I love making different pasta sauces, but realised, as we needed to start rationing to various degrees, that I can make even more delicious pasta sauces (‘sugo’ in Italian) with fewer ingredients. 

This consequently opened the door to create even more sugo variations – all based around wild garlic from our garden as the central theme. The key is never to be afraid to experiment.

The season for wild garlic tends to be April and May. It can be found on most walks. Only ever pinch off the leaves and leave the small bulbs in the ground untouched to regenerate. 

Choose your leaves carefully, especially when gathering in areas frequented by dogs. Always wash thoroughly!

Freshly picked wild garlic leaves

It takes about 2 mins to prepare and another 15-20 mins to cook. 


  • One red onion, finely chopped (white onions are also fine)
  • One stick of celery, finely chopped
  • Two rashers streaky bacon, chopped (optional)
  • A handful of garden herbs
  • Dried chilli flakes
  • Whisky smoked rock salt (or any salt!)
  • One tin of chopped tomatoes
  • A handful of wild garlic / wild leek leaves, roughly chopped

For the herbs, we’re lucky to have a variety growing in the garden. My absolute favourite is rosemary as the main herb, along with sage, thyme and perhaps a couple of leaves of lemon balm, chives and marjoram. At the end of the day, I’m not fussy, I’ll use whatever herbs are growing. I just love them and love to experiment


Add all of the above, except the tomatoes and wild garlic, to your sauté pan with some olive oil. Cover and leave to simmer for 2-3 mins.  I suggest a healthy pinch of dried chilli flakes (I love my lips to tingle – so adapt to your personal taste). I have chosen whisky smoked rock salt as I love the gentle flavour and notes the whisky brings.

Next, add a generous handful of roughly chopped wild garlic or wild leek and mix into the already simmering ingredients. Cover again while you open one tin of chopped tomatoes. I always use Napolina – as my mum always used Napolina when we were children. They’re always great quality. After adding the tomatoes, stir and leave to simmer for about 15 mins.

Remember to regularly taste your sugo, add seasoning as appropriate, stir and add water as necessary ( I tend to use the starchy water from the pasta – which you can have bubbling away in a separate pot). 

When your sugo begins to darken around the rim of the pan (you’ll know when you see it) it’s ready. 

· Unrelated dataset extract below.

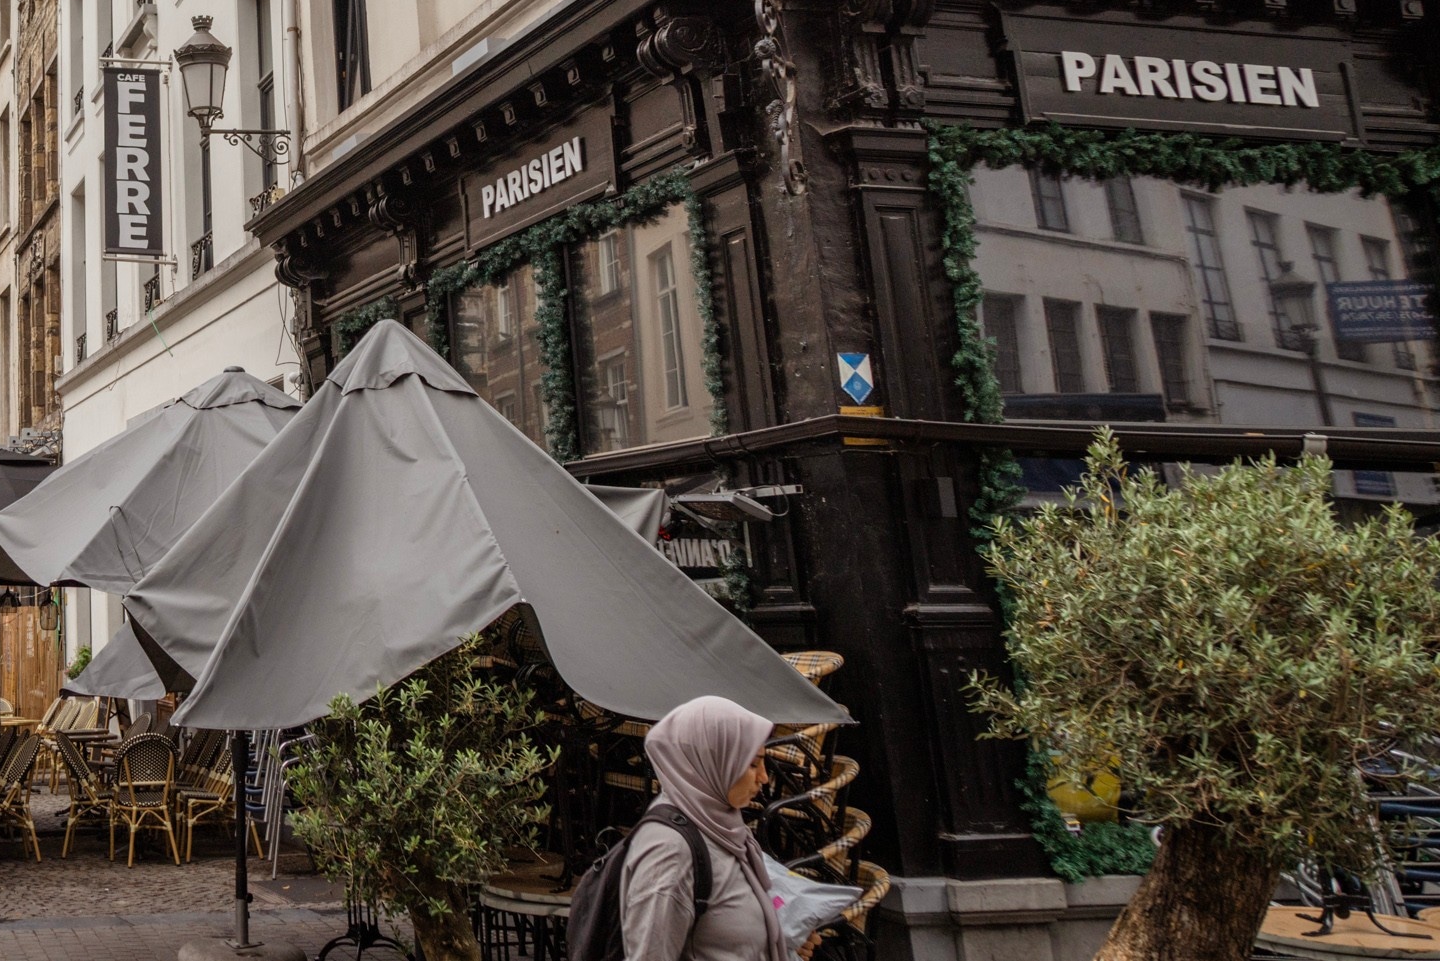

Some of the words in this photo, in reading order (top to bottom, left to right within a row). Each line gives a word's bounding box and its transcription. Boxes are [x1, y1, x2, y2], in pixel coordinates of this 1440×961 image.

[117, 73, 145, 82] CAFE
[1062, 51, 1319, 107] PARISIEN
[116, 82, 151, 249] FERRE
[482, 136, 582, 219] PARISIEN

As the sugo gently simmers, the individual ingredients begin to release their true flavours and embrace each other. There’s a quote along the lines of “It takes an orchestra to play a symphony” The same applies to most things in life, especially a sugo! This is why it’s important to regularly taste whatever you’re cooking!

If you’ve timed everything to military precision, the pasta should be nicely al dente as the sugo darkens. 

Drain your pasta and add to the sugo.

Turn off the cooker and gently weave your pasta into your beautiful sugo. 

Once fully coated, put the lid back on and leave for 2-3 minutes. This allows the pasta to fully embrace and gently soak up the sugo. 

Wild Garlic “sugo” pasta sauce

Now it’s ready to serve with some parmigiano cheese and a nice glass of wine. 

E voilà, “ Sugo all’Aglio Selvatico alla Pietro Cecchini! “ (Pietro Cecchini Wild Garlic Sauce).